München, Immobilienblase, Foto: amorfati.art/fotolia.com
Wie hier in München sind Immobilien in vielen Großstädten teuer geworden. Ein Anzeichen für eine gesamtdeutsche Immobilienblase ist das laut DIW jedoch nicht. Foto: amorfati.art/fotolia.com Foto: amorfati.art/fotolia.com

In vielen deutschen Großstädten steigen die Kaufpreise für Immobilien stark an. Eine gesamtwirtschaftlich riskante Immobilienblase ist laut einer Studie des Deutschen Instituts für Wirtschaftsforschung (DIW) dennoch nicht zu befürchten. Der Grund: In den meisten der 127 untersuchten Städten hängt der Preisanstieg mit der gestiegenen Nachfrage nach Wohnraum zusammen. Zudem sei der Zinssatz für Immobilienkredite im Schnitt langfristig gebunden, auffällige Entwicklungen bei der Kreditvergabe seien nicht zu erkennen.

Für ihre Studie haben die DIW-Forscher Miet- und Kaufpreisdaten des Immobilienanalysten Bulwiengesa analysiert. Anzeichen für spekulative Preisblasen sehen sie dort, wo der Kaufpreis deutlich stärker steigt, als die Mieten oder letztere gar sinken.

Preisblasen lediglich in einigen Teilmärkten

Während der deutsche Immobilienmarkt als Ganzes keine Anzeichen einer Blase zeigt, gibt es diese laut DIW in einigen Teilmärkten durchaus. In 31 der 127 untersuchten Städte fanden sich am relativ kleinen Markt für Neubauten Anzeichen für spekulationsgetriebene Preisblasen, dazu zählen beispielsweise Hamburg und Köln. In weiteren neun Städten waren auch die Märkte für Bestandswohnungen betroffen – etwa in München und Potsdam. Die DIW-Forscher raten dazu, die Entwicklungen auf diesem Teilmärkten genau im Blick zu behalten.

IVD: Von einer Immobilienblase kann nicht die Rede sein

Widerspruch zu der vom DIW veröffentlichten Studie kommt vom Immobilienverband Deutschland (IVD). „Eine Immobilienblase gibt es beispielsweise in Spanien.
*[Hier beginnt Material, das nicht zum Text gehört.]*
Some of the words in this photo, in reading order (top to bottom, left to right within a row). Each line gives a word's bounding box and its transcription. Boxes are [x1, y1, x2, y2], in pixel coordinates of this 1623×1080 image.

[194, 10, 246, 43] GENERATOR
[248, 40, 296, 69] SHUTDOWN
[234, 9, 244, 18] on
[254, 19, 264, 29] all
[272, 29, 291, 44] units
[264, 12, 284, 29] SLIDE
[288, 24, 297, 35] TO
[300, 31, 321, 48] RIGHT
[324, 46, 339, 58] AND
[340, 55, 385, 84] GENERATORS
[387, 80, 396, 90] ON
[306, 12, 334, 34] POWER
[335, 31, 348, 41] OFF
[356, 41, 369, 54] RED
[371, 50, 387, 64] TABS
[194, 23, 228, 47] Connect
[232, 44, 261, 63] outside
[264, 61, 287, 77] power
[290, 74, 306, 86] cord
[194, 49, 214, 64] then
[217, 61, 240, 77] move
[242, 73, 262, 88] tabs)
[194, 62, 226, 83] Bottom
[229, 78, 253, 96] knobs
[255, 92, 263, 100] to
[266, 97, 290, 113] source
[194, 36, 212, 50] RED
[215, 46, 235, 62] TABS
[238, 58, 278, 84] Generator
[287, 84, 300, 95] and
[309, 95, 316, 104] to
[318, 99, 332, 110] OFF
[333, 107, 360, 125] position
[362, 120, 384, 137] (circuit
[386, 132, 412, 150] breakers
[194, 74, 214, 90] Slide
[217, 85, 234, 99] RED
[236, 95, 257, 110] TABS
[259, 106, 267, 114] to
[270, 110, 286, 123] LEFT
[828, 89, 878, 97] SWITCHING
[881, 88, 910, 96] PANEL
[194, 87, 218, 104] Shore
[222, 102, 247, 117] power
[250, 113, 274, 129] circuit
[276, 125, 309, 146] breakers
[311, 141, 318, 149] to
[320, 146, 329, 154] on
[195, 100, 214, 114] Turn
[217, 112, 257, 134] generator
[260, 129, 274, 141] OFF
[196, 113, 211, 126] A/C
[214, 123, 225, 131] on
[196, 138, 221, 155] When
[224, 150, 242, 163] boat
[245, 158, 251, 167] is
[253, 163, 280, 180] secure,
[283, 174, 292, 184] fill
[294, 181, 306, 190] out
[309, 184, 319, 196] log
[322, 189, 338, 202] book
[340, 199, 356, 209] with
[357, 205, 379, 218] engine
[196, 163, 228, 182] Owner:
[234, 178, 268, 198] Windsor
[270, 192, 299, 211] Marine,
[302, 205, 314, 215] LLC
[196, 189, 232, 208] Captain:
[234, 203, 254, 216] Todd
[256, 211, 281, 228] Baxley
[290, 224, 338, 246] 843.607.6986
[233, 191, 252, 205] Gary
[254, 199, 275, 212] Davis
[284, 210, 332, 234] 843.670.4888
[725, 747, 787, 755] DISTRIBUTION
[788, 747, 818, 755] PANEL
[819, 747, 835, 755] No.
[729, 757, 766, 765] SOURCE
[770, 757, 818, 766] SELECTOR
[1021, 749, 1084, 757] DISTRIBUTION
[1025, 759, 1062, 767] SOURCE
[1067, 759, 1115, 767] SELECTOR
Dort wurden sehr viele Immobilien gebaut, auf die spekuliert wurde und für die es gar keine Nachfrage gibt“, meint Jürgen Michael Schick, Pressesprecher des Verbands. „In Deutschland haben wir eine umgekehrte Situation – hier werden Immobilien teurer, weil es viel mehr Nachfrage als Angebot gibt, vor allem in den Innenstädten. So lange das so ist, kann von einer Immobilienblase in Deutschland keine Rede sein.“

Dass die Mieten aktuell weniger stark ansteigen als die Kaufpreise, erklärt Schick vor allem über die zeitliche Einordnung der Preissteigerungen: „Wir hatten ab 1994 einen deutlichen Preisverfall bei Mieten und Wohnungspreisen. Die Mieten sind dann ab 2007 wieder gestiegen, die Kaufpreise erst ab 2010“, so der IVD-Sprecher. „Wenn also aktuell die Wohnungspreise stärker steigen als die Mieten, dann liegt das daran, dass dieser Nachholeffekt später eingesetzt hat. Man kann aber nicht behaupten, dass die Kaufpreise den Mieten davongelaufen sind.“

Was eine Immobilienblase ist und wie man sie erkennt

Eine Immobilienblase entsteht einfach gesagt dann, wenn die Preise für Häuser und Wohnungen überhöht sind. Das geschieht, wenn Immobilien vermehrt und mithilfe von Krediten zu Spekulationszwecken über den tatsächlichen Bedarf hinaus gekauft werden. Die Blase platzt, wenn die ersten Spekulanten ihre Immobilien nicht mehr verkaufen können und Häuser mit einem Schlag an Wert verlieren.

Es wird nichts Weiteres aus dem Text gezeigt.